Abstract

Background: A new concept is being advanced to explain undiagnosed chronic pelvic pain, severe dysmenorrhoea, painful uterine contractions, and deep dyspareunia in women, which has been shown to be anatomically negative. Search strategy: In these "endometriosis-like" syndrome situations, there are many pathophysiological arguments supporting the existence of a visceral uterine sensitization syndrome. Data collection and analysis: These arguments are further developed and use central sensitization mechanisms, just like those for irritable bowel syndrome (IBS) or painful bladder syndrome (PBS). The name "painful uterine syndrome" (PUS) has been suggested, and a basis for a PUS diagnostic score has been established. Central sensitization and visceral sensitization mechanisms have been developed. Muscular hypertonia is common in condition of central sensitization and increased uterine contractility has been confirmed using cine magnetic resonance imaging in PUS situations.
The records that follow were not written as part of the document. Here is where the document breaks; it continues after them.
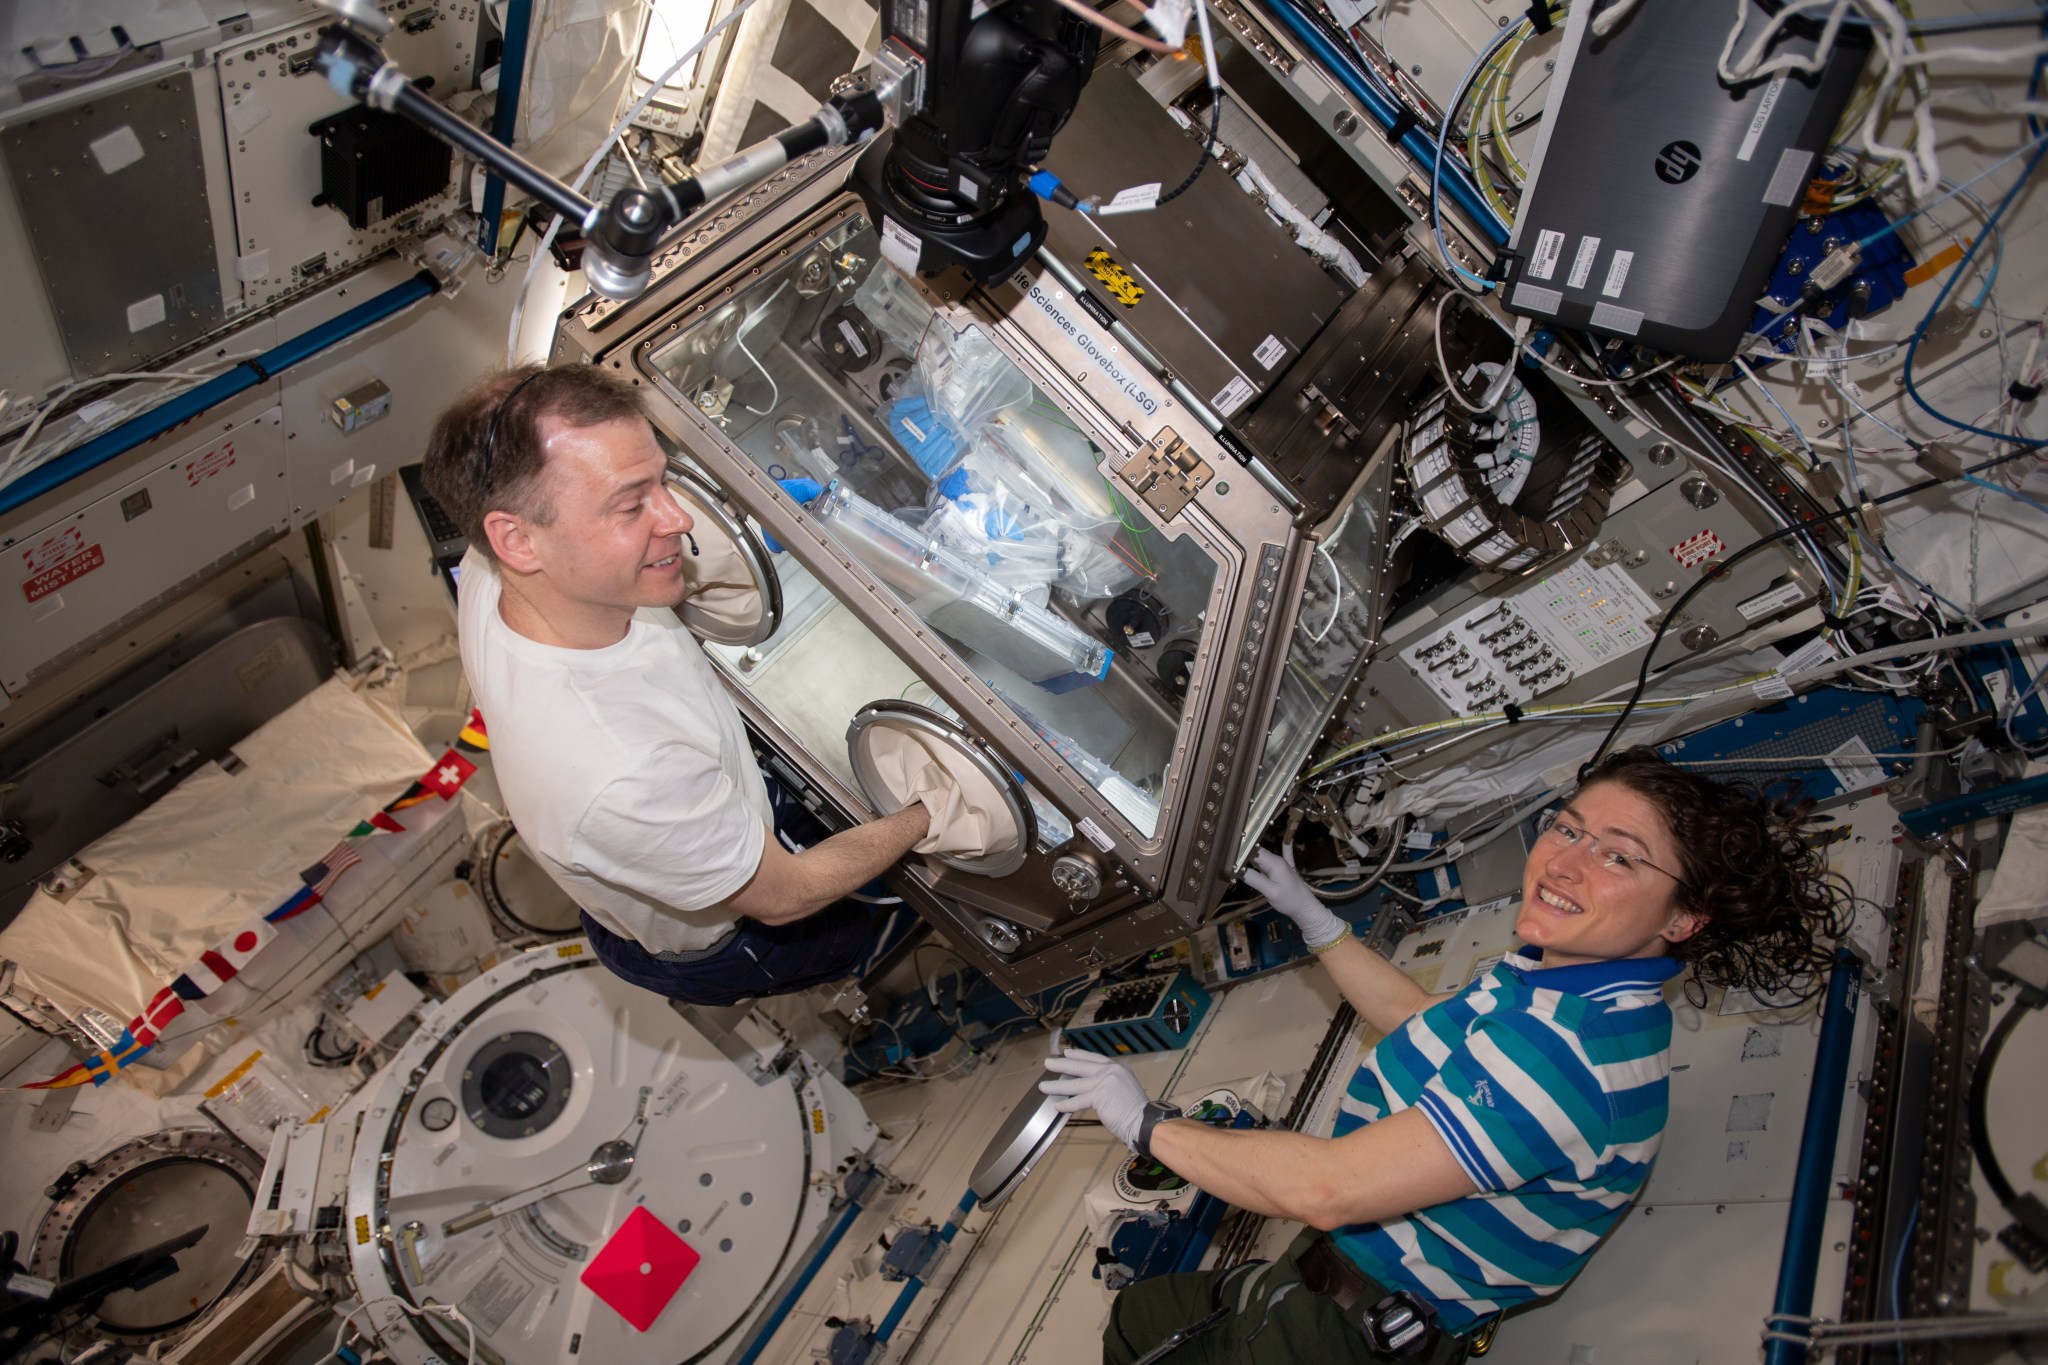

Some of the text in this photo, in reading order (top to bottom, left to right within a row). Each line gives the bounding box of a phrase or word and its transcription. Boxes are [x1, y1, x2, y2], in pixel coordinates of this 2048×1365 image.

[1751, 115, 1765, 135] LSG
[1656, 141, 1702, 185] hp
[926, 214, 946, 222] Canon
[1100, 258, 1123, 280] WARNING
[1102, 267, 1113, 278] HOT
[1569, 237, 1589, 284] FIRMWARE VERSION
[1079, 296, 1109, 325] ILLUMINATION
[1010, 269, 1160, 417] ife Sciences Glovebox (LSG)
[1218, 434, 1247, 463] ILLUMINATION
[41, 542, 68, 558] FIRE
[1682, 540, 1712, 558] FIRE PORT
[29, 555, 103, 599] MIST PFE
[34, 550, 94, 586] WATER
[1478, 903, 1493, 913] EPS
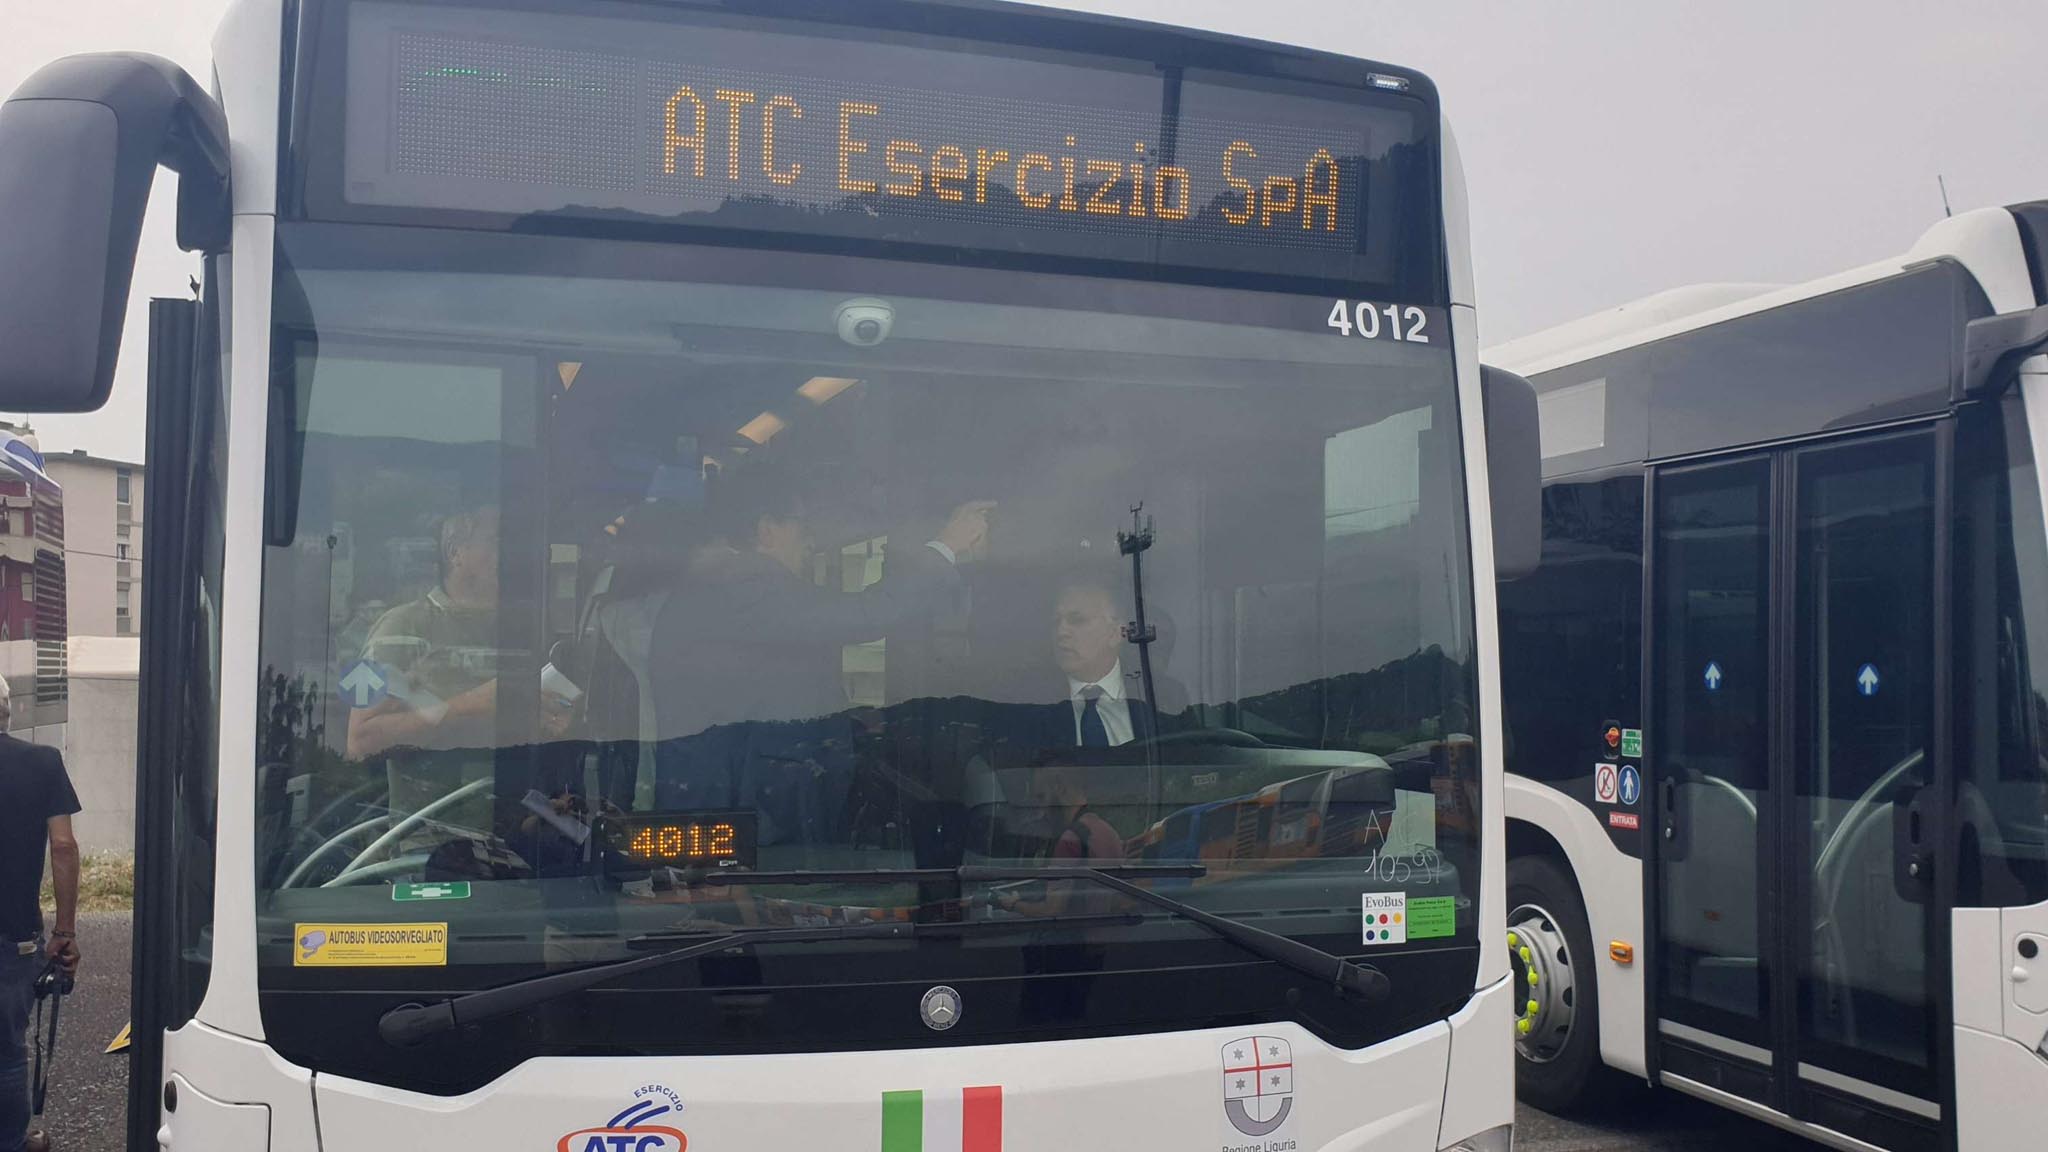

These findings led to the application of botulinum toxin (BTX) injections under hysteroscopy of the uterine myometrium in PUS. Main results: A significant amount of physio-pathological evidence supports the existence of visceral uterine sensitization syndrome. We call it Painful Uterine Syndrome (PUS). A pilot study reported the first use of BTX uterine injections under hysteroscopy in PUS and this pilot study, previously presented, has been analysed. It focuses on a simple and reproducible treatment procedure which shows improvement in dysmenorrhoea and dyspareunia as well as improved quality of life scores. Conclusions: PUS should be consider as one main mechanim for Chronic Pelvic Pain. Uterine BTX injection could be a very interesting therapeutic option. Only long-term randomised studies will be able to confirm that BTX injections are useful as a treatment for this condition. The randomised long-term study, Uteroxine, started in 2020 and will shortly release its results.